METHODS:  Validation of a previously published scoring system was assessed in a population of 113 patients who underwent complete resection of SFTPs. Patients were scored according to the pleural origin, morphology, size, hypercellularity, presence of necrosis or hemorrhage, and number of mitoses in their SFTPs. Receiver operating characteristic curves were plotted for the score. Time to recurrence analysis was performed using the Kaplan-Meier and Cox proportional hazards methods.

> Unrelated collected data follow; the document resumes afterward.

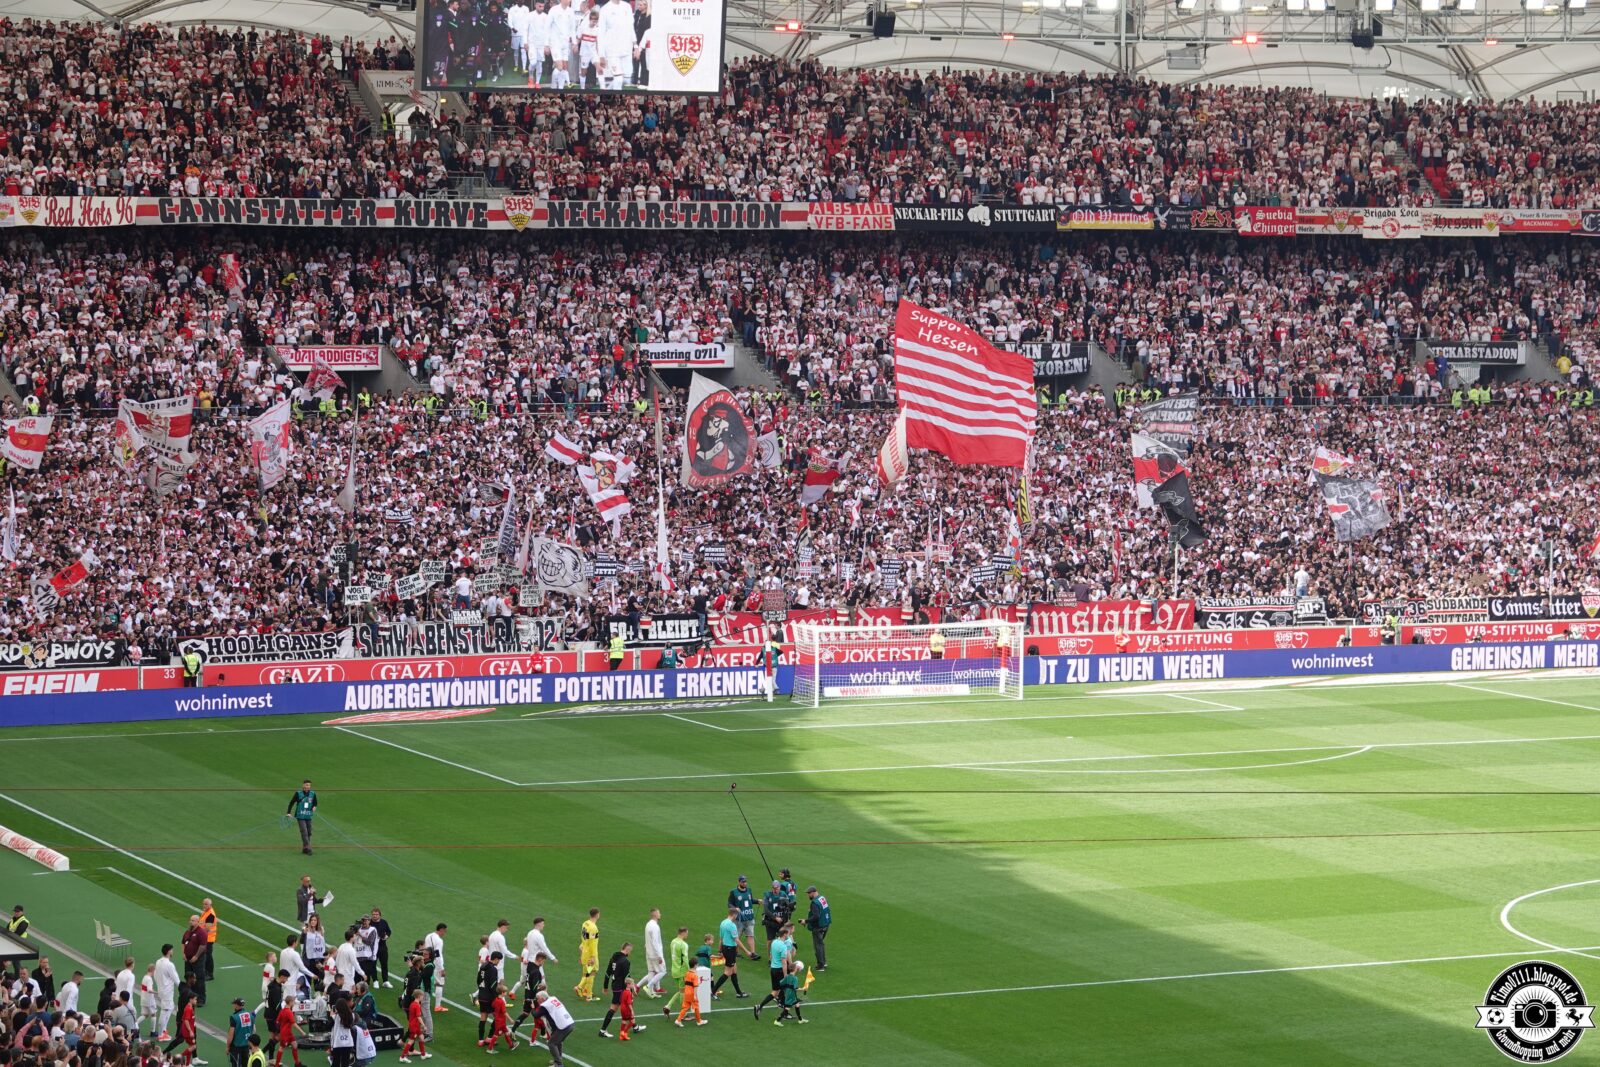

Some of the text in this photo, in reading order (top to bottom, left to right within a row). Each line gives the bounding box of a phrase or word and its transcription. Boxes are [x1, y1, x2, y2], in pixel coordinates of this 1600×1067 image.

[672, 8, 701, 16] KUTTER
[45, 194, 133, 227] Red Hots 96
[159, 197, 488, 229] CANNSTATTER KURVE
[547, 199, 782, 229] NECKARSTADION
[812, 202, 893, 215] ALBSTADT
[894, 207, 1057, 222] NECKAR-FILS STUTTGART
[1400, 208, 1419, 217] Loca
[815, 214, 893, 230] VFB-FANS
[918, 327, 978, 356] Hessen
[694, 347, 718, 359] 0711
[1051, 343, 1071, 359] ZU
[1033, 357, 1088, 376] STOREN!
[348, 586, 366, 594] VOGT
[1200, 598, 1251, 607] SCHWABEN
[1407, 601, 1427, 616] 36
[1154, 603, 1190, 631] 97
[1427, 613, 1488, 623] STUTTGART
[647, 618, 700, 640] BLEIBT
[1368, 627, 1379, 638] 36
[206, 632, 338, 656] HOOLIGANS
[983, 640, 994, 649] 35
[692, 650, 800, 669] JOKERSAR
[841, 647, 946, 664] JOKERSTA
[1292, 653, 1374, 670] wohninvest
[1450, 643, 1599, 671] GEMEINSAM MEHR
[163, 668, 176, 679] 33
[1066, 658, 1090, 684] ZU
[1098, 655, 1154, 682] NEUEN
[1162, 654, 1225, 680] WEGEN
[3, 672, 100, 696] EHEIM
[554, 674, 665, 702] POTENTIALE
[676, 670, 769, 698] ERKENNEN
[175, 692, 273, 712] wohninvest

RESULTS:  After a mean follow-up of 13.2 ± 7.3 years, there were nine recurrences (8.0%). Score performance to predict recurrence was as follows: sensitivity = 78%, specificity = 74%, positive likelihood ratio = 3.0, and negative likelihood ratio = 0.3. A cutoff of 3 points was used to classify 79 patients (69.9%) at low risk and 34 patients (30.1%) at high risk for recurrence. A high-risk classification was significantly associated with more recurrences during follow-up (P = .004), worse overall survival (P = .0008), more extensive lung resections (P = .001), and the use of adjuvant therapies (P = .009). The present score outperformed England’s criteria (P = .049) and de Perrot classification (P < .001) when predicting SFTP recurrence.

CONCLUSIONS:  The proposed scoring system, which combines common clinical and histologic features of resected SFTPs, remains predictive of recurrence in a separate patient population. The simple score may guide the postoperative surveillance of this uncommon tumor.